→ PROBLEM DETAILS
Set down every line of the data exactly, skipping the pictures.

(Free-text object descriptions)
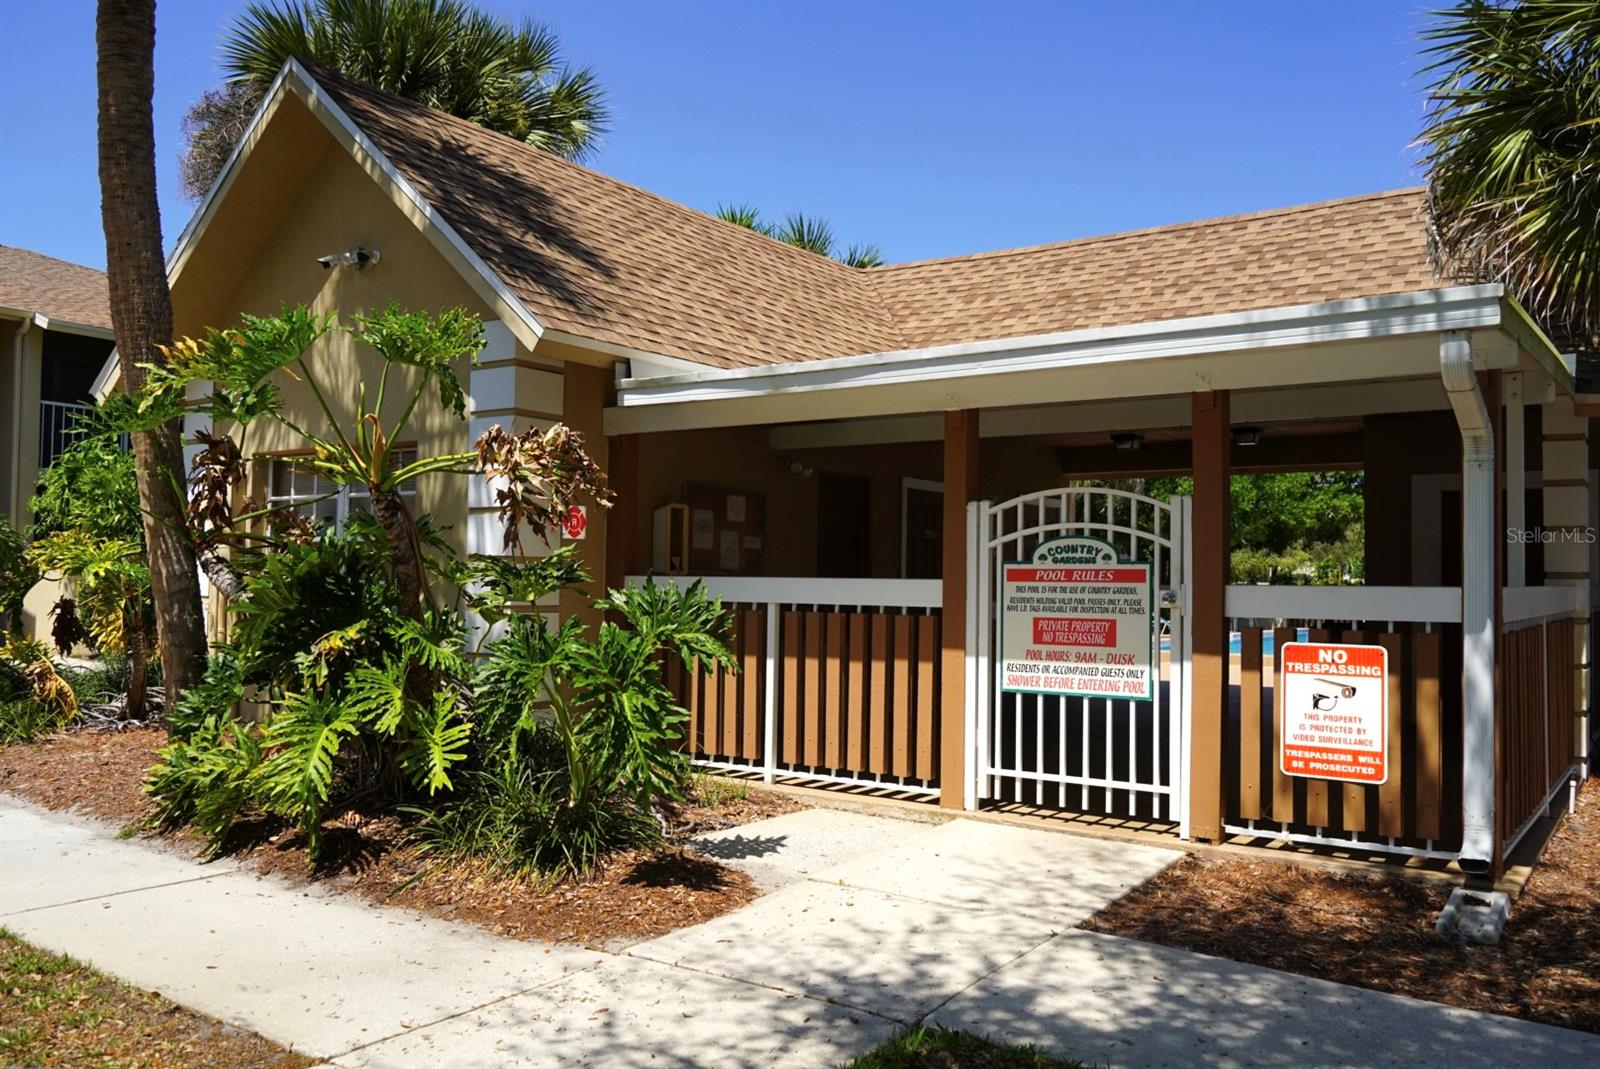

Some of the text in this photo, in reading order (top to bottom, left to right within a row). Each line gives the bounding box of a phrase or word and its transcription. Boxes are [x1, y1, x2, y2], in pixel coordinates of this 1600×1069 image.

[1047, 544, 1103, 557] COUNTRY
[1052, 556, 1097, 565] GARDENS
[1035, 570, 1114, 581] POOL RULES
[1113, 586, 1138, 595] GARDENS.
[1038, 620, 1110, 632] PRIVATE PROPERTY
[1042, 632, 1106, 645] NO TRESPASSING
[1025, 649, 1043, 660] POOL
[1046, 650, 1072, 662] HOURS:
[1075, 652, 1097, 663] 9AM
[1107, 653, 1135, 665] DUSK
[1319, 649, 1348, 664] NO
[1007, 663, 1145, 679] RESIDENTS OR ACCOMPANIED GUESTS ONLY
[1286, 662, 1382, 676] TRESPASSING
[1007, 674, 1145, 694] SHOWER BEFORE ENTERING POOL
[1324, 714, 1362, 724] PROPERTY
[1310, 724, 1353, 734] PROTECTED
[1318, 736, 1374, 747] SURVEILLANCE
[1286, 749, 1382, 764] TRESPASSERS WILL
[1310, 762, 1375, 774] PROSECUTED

→ RESULT OF THE EXERCISE
Some of the text in this photo, in reading order (top to bottom, left to right within a row). Each line gives the bounding box of a phrase or word and its transcription. Boxes are [x1, y1, x2, y2], in pixel coordinates of this 1600×1069 image.

[1047, 544, 1103, 557] COUNTRY
[1052, 556, 1097, 565] GARDENS
[1035, 570, 1114, 581] POOL RULES
[1113, 586, 1138, 595] GARDENS.
[1038, 620, 1110, 632] PRIVATE PROPERTY
[1042, 632, 1106, 645] NO TRESPASSING
[1025, 649, 1043, 660] POOL
[1046, 650, 1072, 662] HOURS:
[1075, 652, 1097, 663] 9AM
[1107, 653, 1135, 665] DUSK
[1319, 649, 1348, 664] NO
[1007, 663, 1145, 679] RESIDENTS OR ACCOMPANIED GUESTS ONLY
[1286, 662, 1382, 676] TRESPASSING
[1007, 674, 1145, 694] SHOWER BEFORE ENTERING POOL
[1324, 714, 1362, 724] PROPERTY
[1310, 724, 1353, 734] PROTECTED
[1318, 736, 1374, 747] SURVEILLANCE
[1286, 749, 1382, 764] TRESPASSERS WILL
[1310, 762, 1375, 774] PROSECUTED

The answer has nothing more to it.